Eye tracking could become a standard peripheral in VR/AR headsets. Tracking gaze direction can deliver many benefits. Foveated rendering, for instance, optimizes GPU resources by using eye tracking data. Higher-resolution images at shown at the central vision area and lower-resolution outside it. Understanding gaze direction can lead to more natural interaction. Additionally, People with certain disabilities can use their eyes instead of their hands. Eye tracking can detect concussions in athletes and can even help people see better. Eye tracking can help advertisers understand what interests customers.
Eye tracking is complex. Scientists and vendors have spent many year perfecting algorithms and techniques.
But how does it work? Let's look at a high-level overview.
Most eye tracking systems use a camera pointing at the eye and infrared (IR) light. IR illuminates the eye and a camera sensitive to IR analyzes the reflections. The wavelength of the light is often 850 nanometers. It is just outside the visible spectrum of 390 to 700 nanometers. The eye can't detect the illumination but the camera can.
We see the world when our retinal detects light entering through the pupil. IR light also enters the eye through this pupil. Outside the pupil area, light does not enter the eye. Instead, it reflects back towards the camera. Thus, the camera sees the pupil as a dark area - no reflection - whereas the rest of the eye is brighter. This is "dark pupil eye tracking". If the IR light source is near the optical axis, it can reflect from the back of the eye. In this case, the pupil appears bright. This is "bright pupil eye tracking". It is like the "red eye" effect when using flash photography. Whether we use dark or bright pupil, the key point is that the pupil looks different than the rest of the eye.
The image captured by the camera is then processed to determine the location of the pupil. This allows estimating the direction of gaze from the observed eye. Processing is sometimes done on a PC, phone or other connected processor. Other vendors developed special-purpose chips that offload the processing from the main CPU. If eye tracking cameras observe both eyes, one can combine the gaze readings from both eyes. This allows estimating of the fixation point of the user in real or virtual 3D space.
There are other eye tracking approaches that are less popular. For instance, some have tried to detect movements of the eye muscles. This method provides high-speed data but is less accurate than camera-based tracking.
How often should we calculate the gaze direction? The eyes have several types of movements. Saccadic movements are fast and happen when we need to shift gaze from one area to another. Vergence shifts are small movements the help in depth perception. They aim to get the image of an object to appear on corresponding spots on both retinas. Smooth pursuit is how we move when we track a moving object. To track saccadic movements, one needs to track the eye hundreds of time per second. But, saccadic movements do not provide gaze direction. Thus, they are interesting to research applications but not to mass-market eye tracking. Vergence and smooth pursuit movements are slower. Tens of samples per second are often enough. Since Many VR applications want to have the freshest data, there is a trend to track the eyes at the VR frame rate.

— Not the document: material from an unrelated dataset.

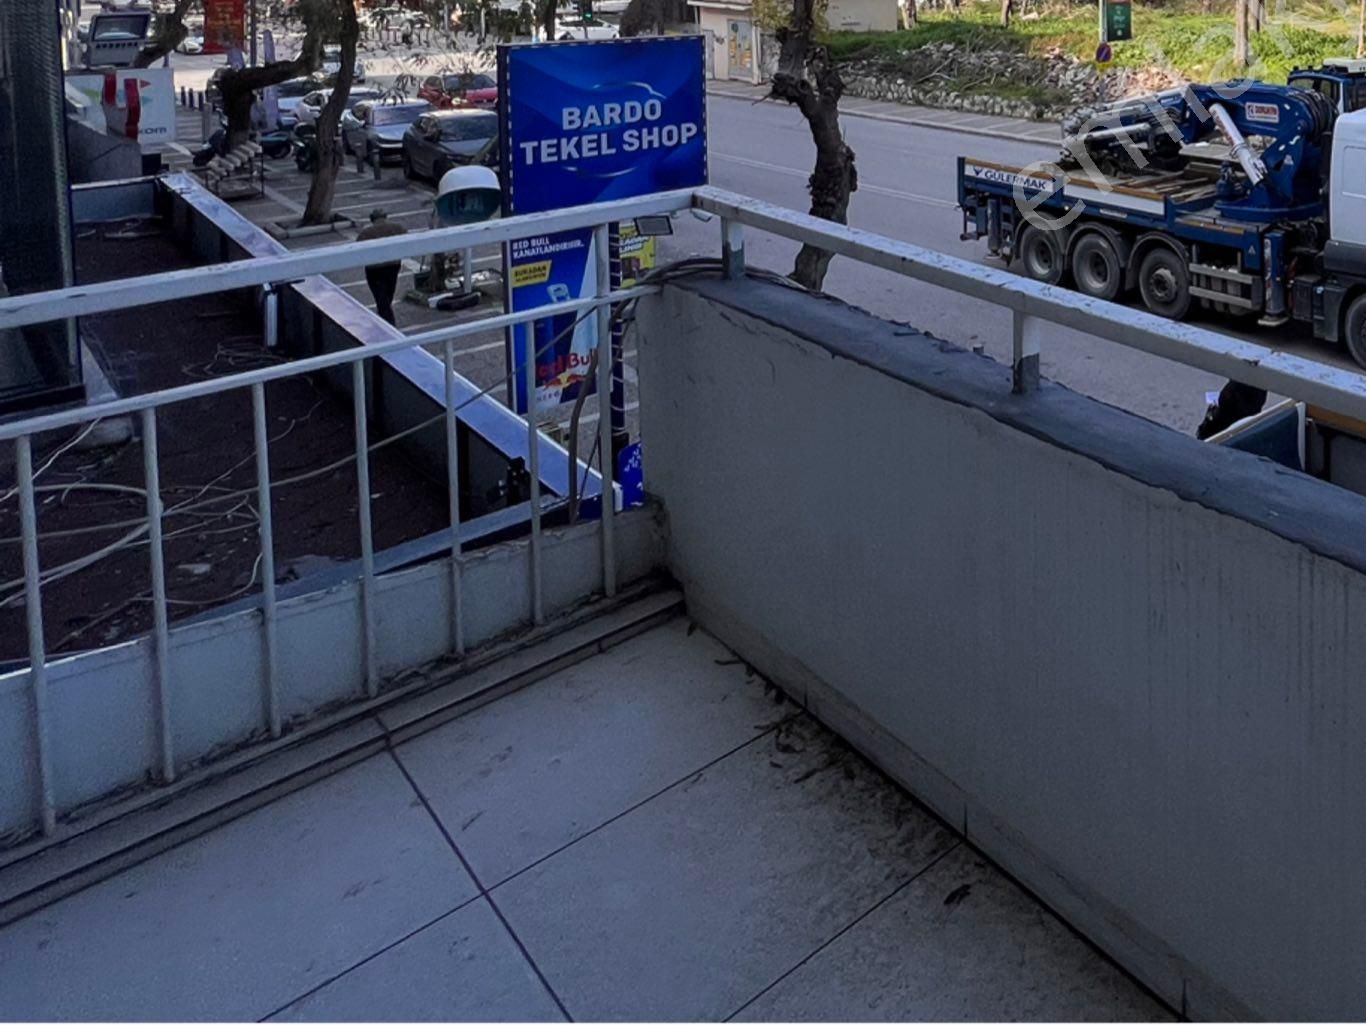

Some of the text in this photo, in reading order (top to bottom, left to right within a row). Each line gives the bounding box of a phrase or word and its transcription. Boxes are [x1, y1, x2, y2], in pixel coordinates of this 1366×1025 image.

[562, 99, 662, 131] BARDO
[520, 122, 698, 165] TEKEL SHOP
[512, 236, 550, 251] RED BULL

Eye tracking systems need to compensate for movements of the camera relative to the eye. For instance, a head-mounted display can slide and shift relative to the eyes. One popular technique is to use reflections of the light source from the cornea. These reflections are called Purkinje reflections. They change little during eye rotation and can serve as an anchor for the algorithm. Other algorithms try to identify the corners of the eye as an anchor point.
There are other variables that an algorithm needs to compensate for. The eye is not a perfect sphere. Some people have bulging eyes and others have inset eyes. The location of the eye relative to the camera is not constant between users. These and other variables are often addressed during a calibration procedure. Simple calibration presents a cross on the screen at a known location and asks the user to fixate on it. By repeating this for a few locations, the algorithm calibrates the tracker to a user.
Beyond the algorithm, the optical system of the tracker presents extra challenges. It aims to be lightweight. It tries to avoid needs constraints on the optics used to present the actual VR/AR image to the user. It needs to work with a wide range of facial structures. For a discussion on optical configurations for eye tracking, please see here.
Eye trackers used to be expensive. This was not the result of expensive components, but rather of a limited market. When only researchers bought eye trackers, companies charged more to cover their R&D expenses. As eye trackers move into mainstream, eye trackers will become inexpensive.